Lipopolysaccharide
(LPS) is a key surface component of Gram-negative
bacteria, populating the outer layer of their outer membrane. A number
of experimental studies highlight its protective role against harmful
molecules such as antibiotics and antimicrobial peptides (AMPs). In
this work, we present a theoretical model for describing the interaction
between LPS and cationic antimicrobial peptides, which combines the
following two key features. The polysaccharide part is viewed as forming
a polymer brush, exerting an osmotic pressure on inclusions such as
antimicrobial peptides. The charged groups on LPS (those in lipid
A and the two Kdo groups in the inner core) form electrostatic binding
sites for cationic AMPs or cations.
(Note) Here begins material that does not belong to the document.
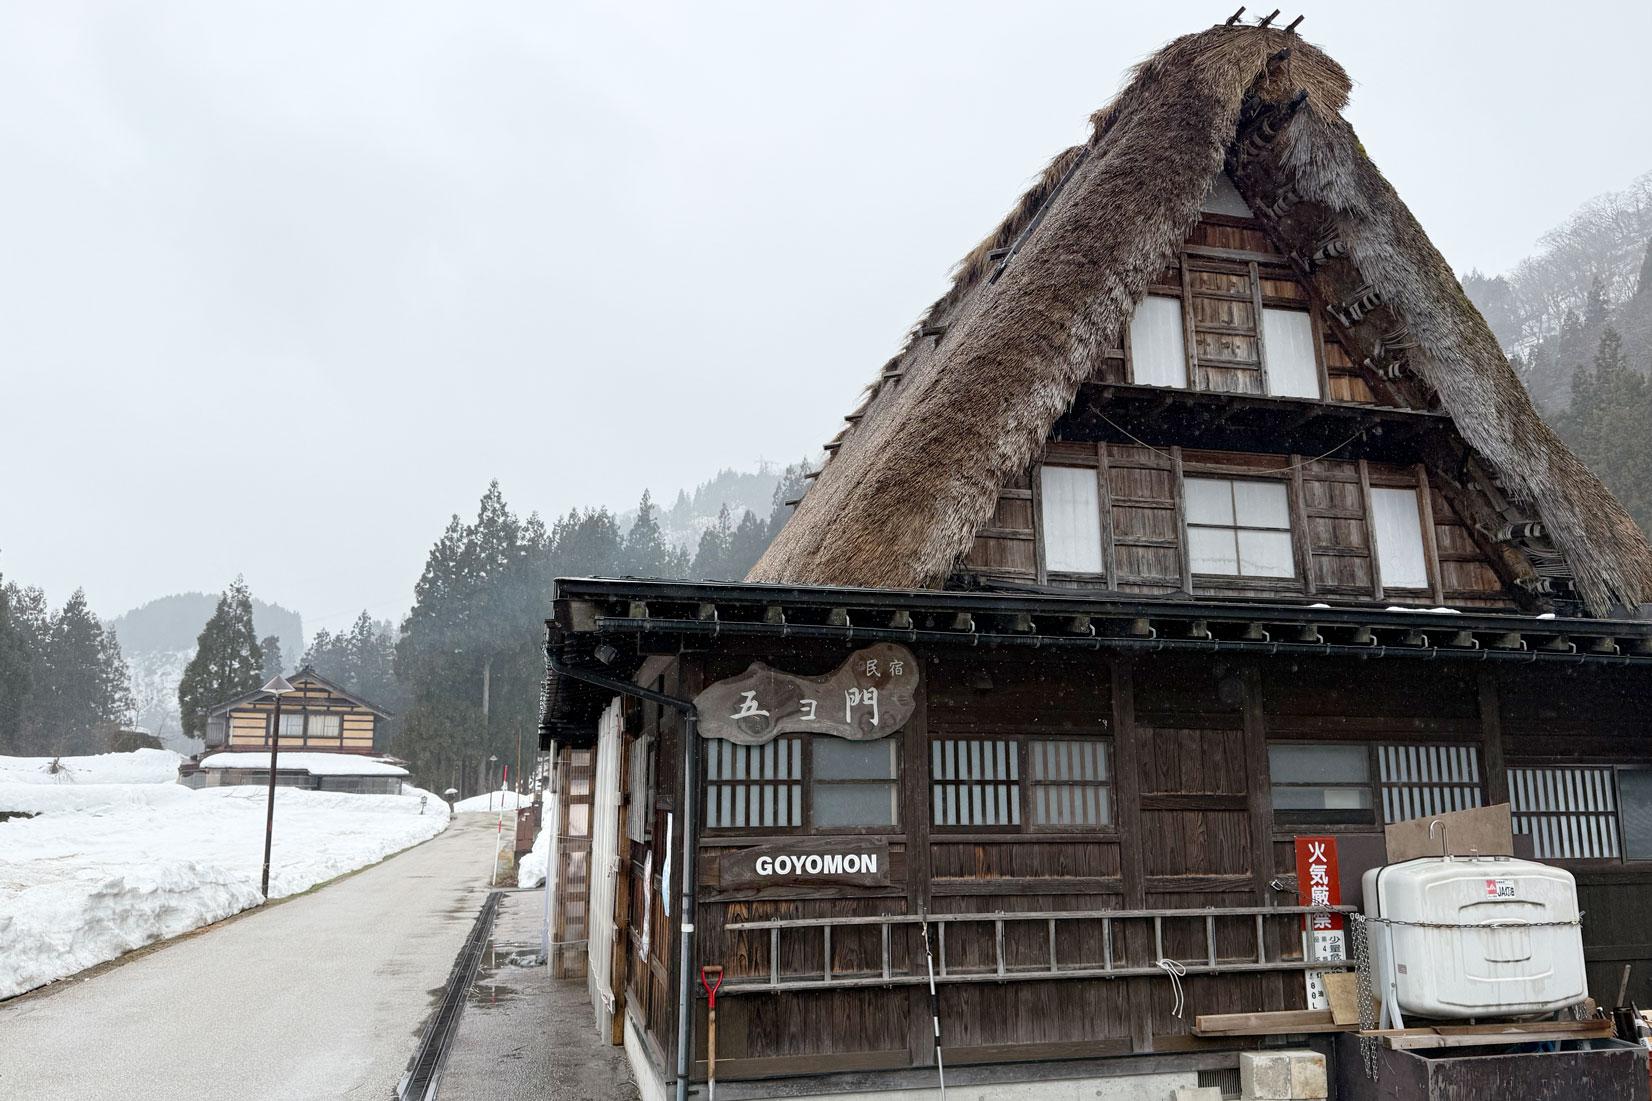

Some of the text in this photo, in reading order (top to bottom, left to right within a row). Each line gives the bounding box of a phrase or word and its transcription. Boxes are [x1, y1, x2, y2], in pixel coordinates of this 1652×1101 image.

[865, 659, 904, 677] 民宿
[755, 853, 878, 876] GOYOMON
[1308, 841, 1333, 929] 火気厳禁
Using the resulting model, we
offer a quantitative picture of how the brush component enhances the
protective role of LPS against magainin-like peptides, in the presence
of divalent cations such as Mg2+. The LPS brush tends to
diminish the interfacial binding of the peptides, at the lipid headgroup
region, by about 30%. In the presence of 5 mM of Mg2+,
the interfacial binding does not reach a threshold value for wild-type
LPS, beyond which the LPS layer is ruptured, even though it does for
LPS Re (the simplest form of LPS, lacking the brush part), as long
as [AMP] ≤ 20 μM, where [AMP] is the concentration of
AMPs. At a low concentration of Mg2+ (≈1 mM), however,
a smaller [AMP] value (≳2 μM) is needed to reach the
threshold coverage for wild-type LPS. Our results also suggest that
the interfacial binding of peptides is insensitive to their possible
weak interaction with the surrounding brush chains.